Medicare does not cover nursing home costs; however, other government programs may be available. With proper planning and implementation you may be able to protect your family’s asset from nursing home costs and to avoid the devastating effect that these costs can have on your life savings.

Our law firm is committed to helping seniors and their families and has experience developing long term care plans, helping you successfully save your estate from being spent down in order to pay for any nursing home costs.

How much does long-term care cost?
Louisiana long-term care costs average over $5000 per month, which is much less expensive than in most states. The average nursing home stay in Louisiana is 2-3 years. Accordingly, the average cost of care ($120,000 to $180,000) can ruin many nest eggs. Accordingly, it is vitally important that you contact a lawyer trained in Elder Law and Medicaid and long-term care planning.

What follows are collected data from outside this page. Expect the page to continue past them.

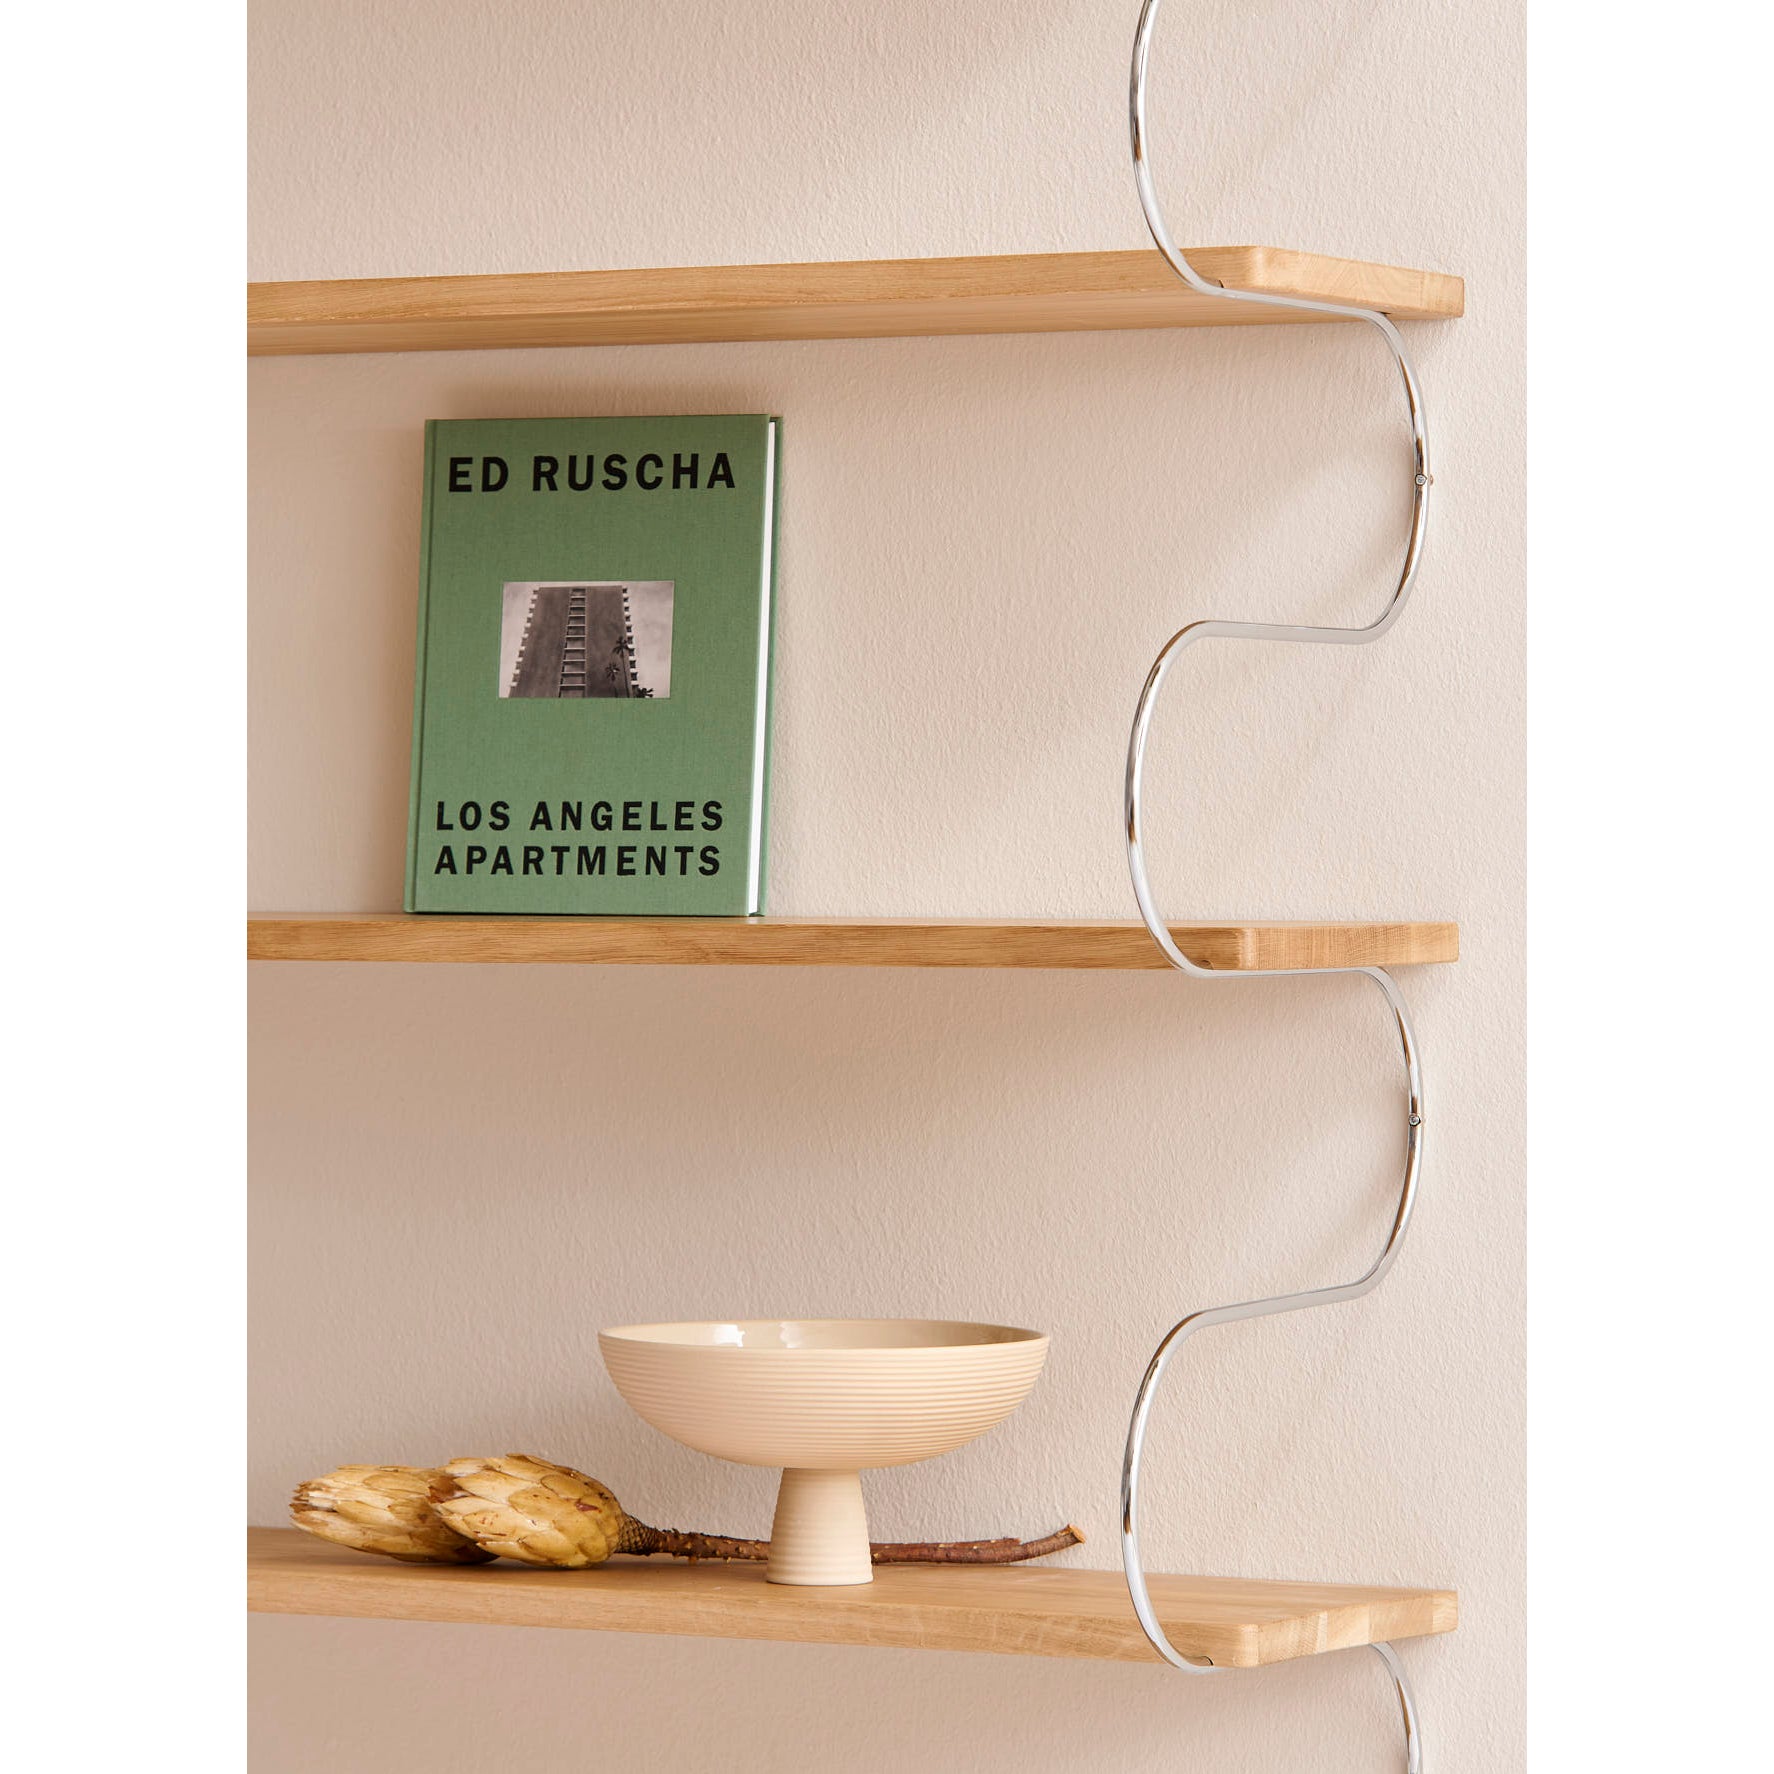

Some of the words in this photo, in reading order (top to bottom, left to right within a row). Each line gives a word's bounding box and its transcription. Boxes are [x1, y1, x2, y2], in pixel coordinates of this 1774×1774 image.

[448, 456, 510, 493] ED
[532, 452, 736, 492] RUSCHA
[436, 800, 511, 831] LOS
[529, 800, 723, 832] ANGELES
[434, 845, 720, 877] APARTMENTS

Doesn't Medicare pay for long-term care?
No. This is one of the most common misconceptions of seniors. Although Medicare covers short-term rehabilitation,  it does not cover custodial care at home or in a nursing home. Although Medicare may cover heart surgery or strokes, it does not cover chronic illnesses such as Alzheimer’s disease or Parkinson’s disease. If you meet strict requirements, you may receive up to 100 days of Medicare coverage for skilled nursing care in a nursing home; however, there are significant co-payments that will be due. Some people have Medigap insurance policies which cover these co-payments. If you need help with activities of daily living (often referred to as “ADLs”) such as eating, bathing, toileting, or transferring in and out of bed, these are considered custodial needs and are not covered by Medicare. Accordingly, planning by an elder law attorney is critical to determine what benefits and resources may be available to cover the costs of nursing home care. (Wartime veterans may be entitled to pension benefits that would help to offset costs of care related to ADLs, home care, and assisted living. Ruston VA accredited attorney Add Goff can assist in determining what benefits to which you may be entitled.)

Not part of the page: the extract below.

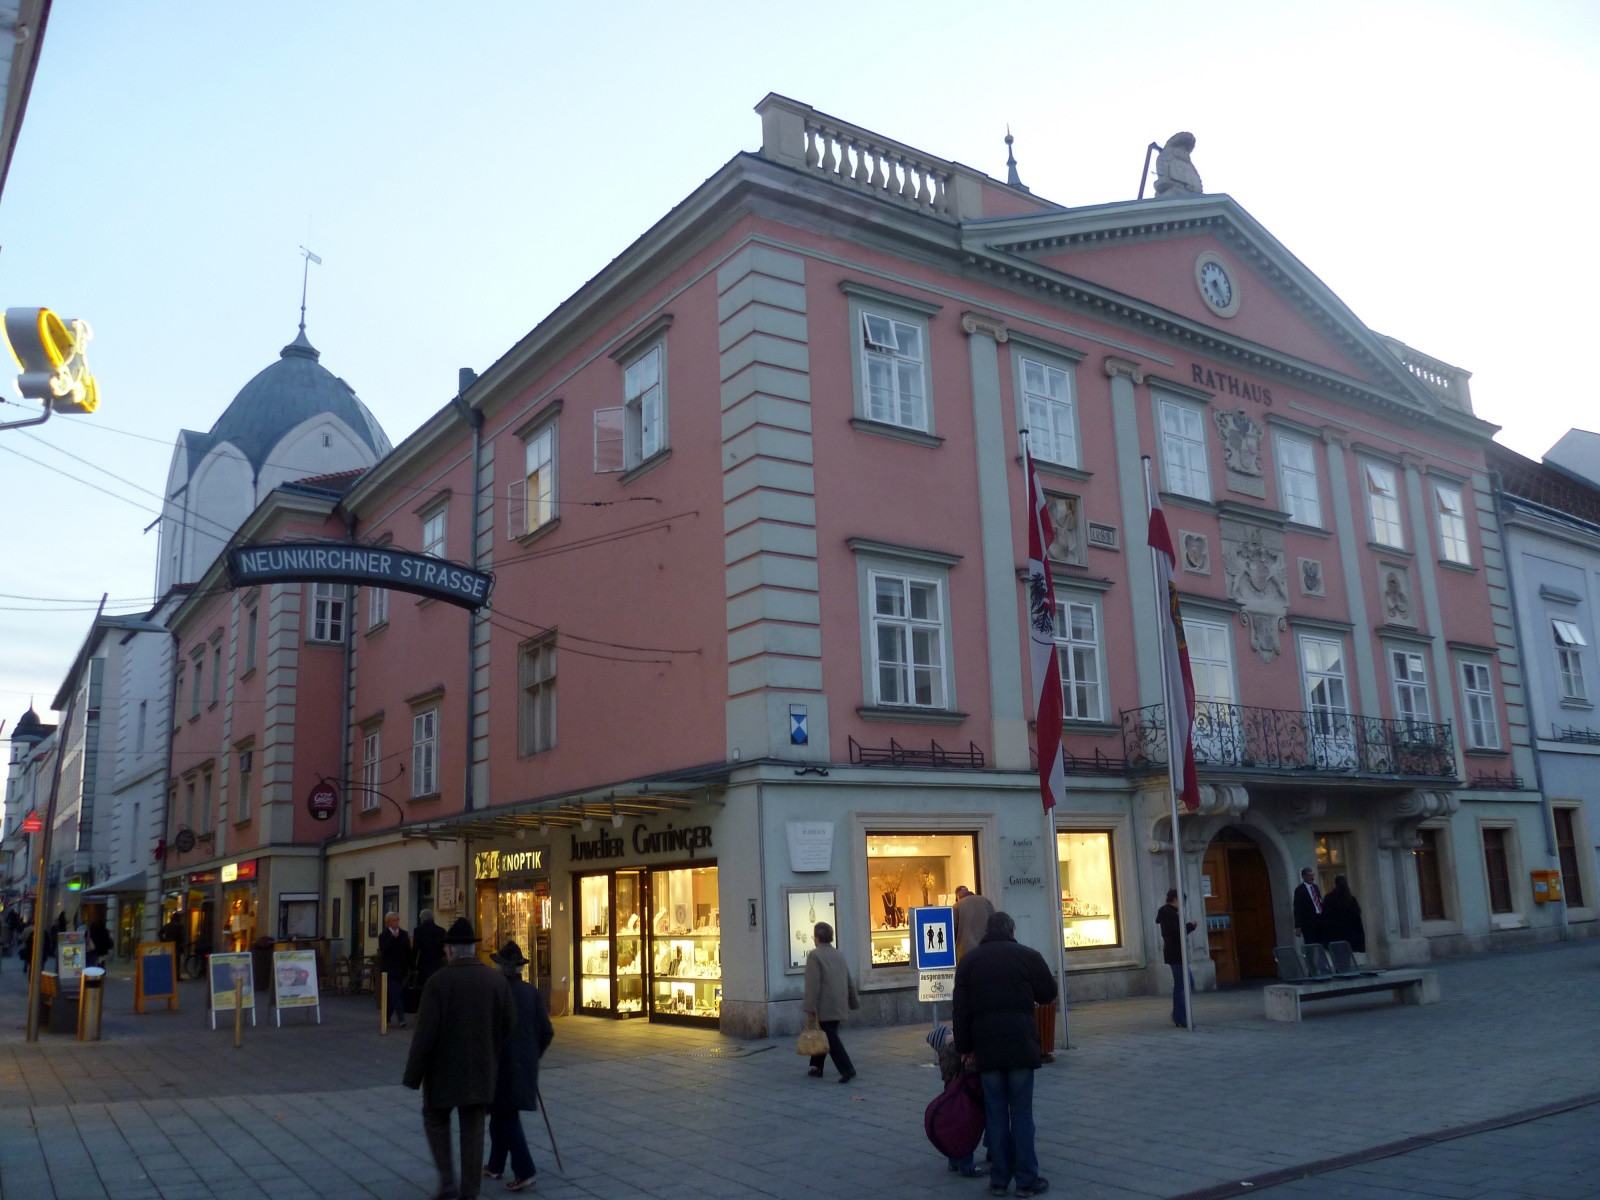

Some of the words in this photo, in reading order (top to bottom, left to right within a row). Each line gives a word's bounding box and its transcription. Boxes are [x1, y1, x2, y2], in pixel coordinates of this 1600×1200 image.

[1191, 362, 1273, 407] RATHAUS
[241, 550, 391, 574] NEUNKIRCHNER
[400, 559, 486, 598] STRASSE

If I or a family member needs long-term care immediately, what are our options?
Although an ounce of prevention is often worth a pound of cure, sometimes life happens and it is too late. Elder law attorneys refer to this situation as Medicaid crisis planning or Medicaid crisis management. Depending on your monthly income and current assets, an experienced elder law attorney can often come up with a plan to obtain the resources sufficient to provide long-term care at a skilled nursing facility, while still maintain a sizable portion or all of your life savings and assets.

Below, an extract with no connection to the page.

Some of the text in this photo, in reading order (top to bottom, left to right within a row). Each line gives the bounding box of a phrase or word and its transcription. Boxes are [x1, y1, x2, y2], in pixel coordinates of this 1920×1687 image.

What is Long-Term Care Insurance?
Long-term care insurance is a type of insurance that is designed to cover long-term care if you need it in the future. There are a number of premium-based policies that are available, but the underwriting process is often stringent. They usually require you to be in good health and to be without certain preexisting conditions. Depending on the type of policy, premiums have to be paid for life. Due to the increasing cost of health care and the fact that people are living longer, many companies are no longer offering this type of insurance. Other options include life insurance policies with long-term care riders and a few asset-based policies. The elder law attorneys at Goff and Goff consider various strategies for covering the costs of long-term care, including long-term care insurance.